As the worldwide economic system reels from the uncertainty brought on by his horrible management, President Donald Trump bragged to reporters Wednesday that he plans to put in flagpoles on the back and front lawns of the White Home to carry two large U.S. flags.
“We’re putting up a beautiful, almost 100-foot-tall American flag on this side, and another one on the other side. Two flags, top of the line. And they’ve needed flagpoles for 200 years. It’s going to be two beautiful poles. Paid for by Trump. They arrive in about a week or so,” he mentioned.
The White Home’s official X account adopted that up with a quadriptych of what might be the worst kids’s e book cowl ever.
As for Trump’s boast that he’ll personally pay for the 2 garish phallic shows of patriotism, it’s exhausting to consider that anybody apart from the U.S. taxpayer will find yourself footing the invoice.
However that is simply the newest cheesy spectacle Trump has inflicted on the White Home property.
Lower than a month into his second time period, studies got here out that Trump was contemplating paving over the enduring Rose Backyard to imitate the marbled flooring of Mar-a-Lago.

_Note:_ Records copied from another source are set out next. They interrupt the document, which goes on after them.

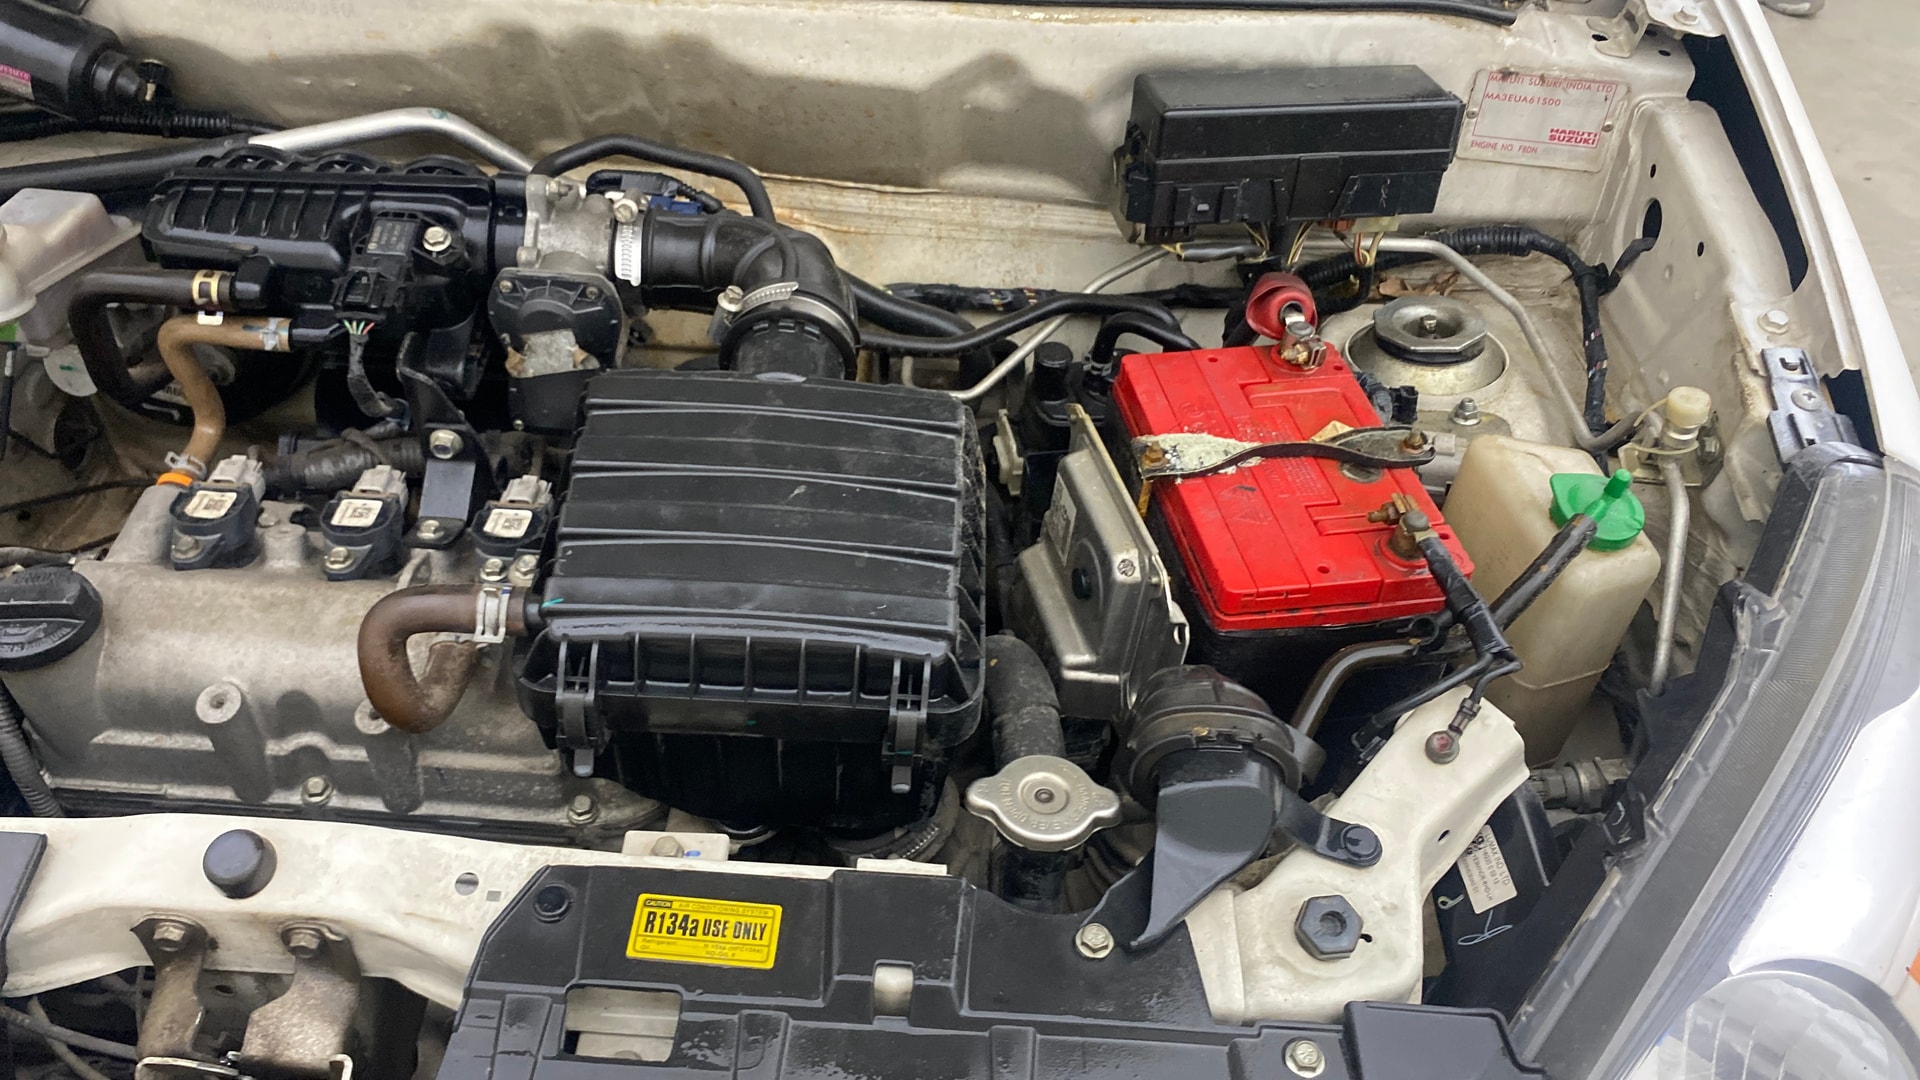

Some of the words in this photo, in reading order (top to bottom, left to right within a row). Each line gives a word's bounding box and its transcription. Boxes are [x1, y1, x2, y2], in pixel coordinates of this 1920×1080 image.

[1489, 73, 1525, 85] MARUTI
[1528, 77, 1562, 88] SUZUKI
[1566, 81, 1592, 91] INDIA
[1596, 84, 1613, 93] LTD
[1549, 128, 1598, 138] MARUTI
[1548, 134, 1597, 145] SUZUKI
[1471, 140, 1498, 150] ENGINE
[1501, 144, 1514, 152] NO
[644, 911, 699, 937] R134a
[702, 918, 729, 938] USE
[732, 921, 768, 941] ONLY

And extra just lately, studies revealed that Trump has a “gold guy” adorning the White Home with gold cherubs and different gaudiness. No phrase but on whether or not this “gold guy” has made his method into the loos.

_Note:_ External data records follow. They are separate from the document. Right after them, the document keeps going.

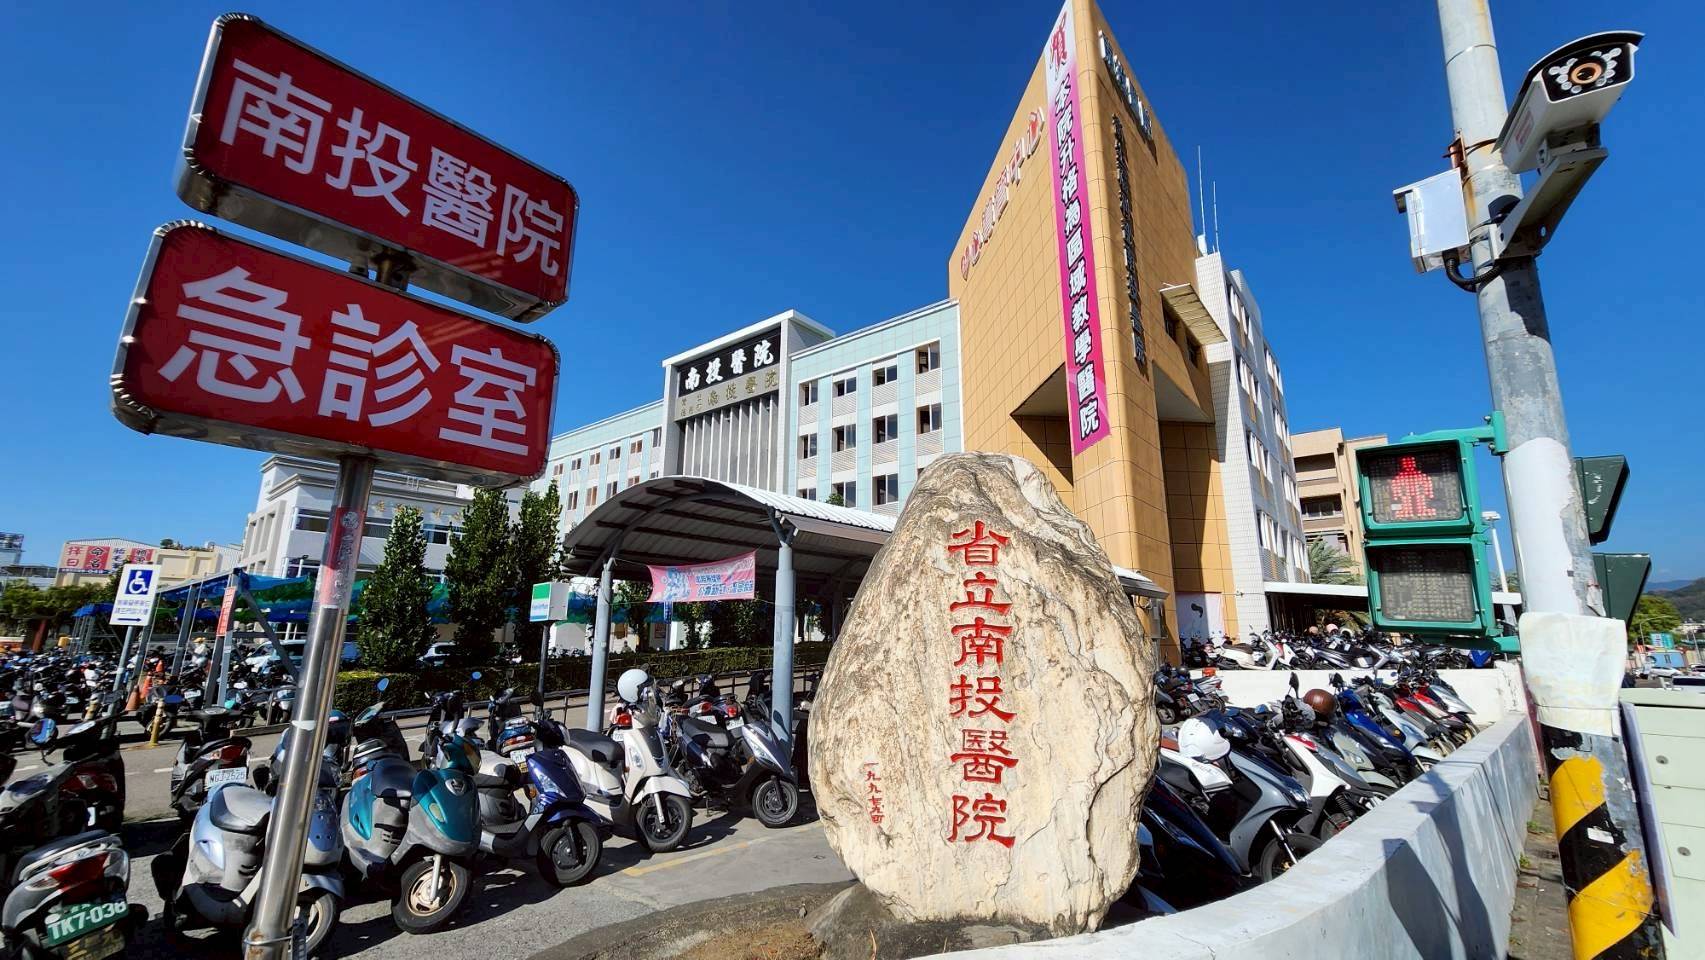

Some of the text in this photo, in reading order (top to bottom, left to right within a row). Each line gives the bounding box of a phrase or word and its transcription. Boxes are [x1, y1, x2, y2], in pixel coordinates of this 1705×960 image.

[219, 57, 565, 277] 南投醫院
[1055, 73, 1100, 442] 本院升格為區域教學醫院
[158, 265, 537, 457] 急診室
[684, 339, 775, 391] 南投醫院
[947, 520, 1019, 849] 省立南投醫院

Trump additionally has an odd historical past with flagpoles. Throughout his first time period, as 1000’s of youngsters had been being separated from their households below his zero-tolerance immigration coverage, Trump was recognized to usually hump flags on stage—like … a bunch.
Will all of us be struggling a tariff-induced recession by subsequent week? It’s trying more and more possible. However, hey, we’ll have two very tall flagpoles on the White Home garden to admire. In order that’s one thing, proper?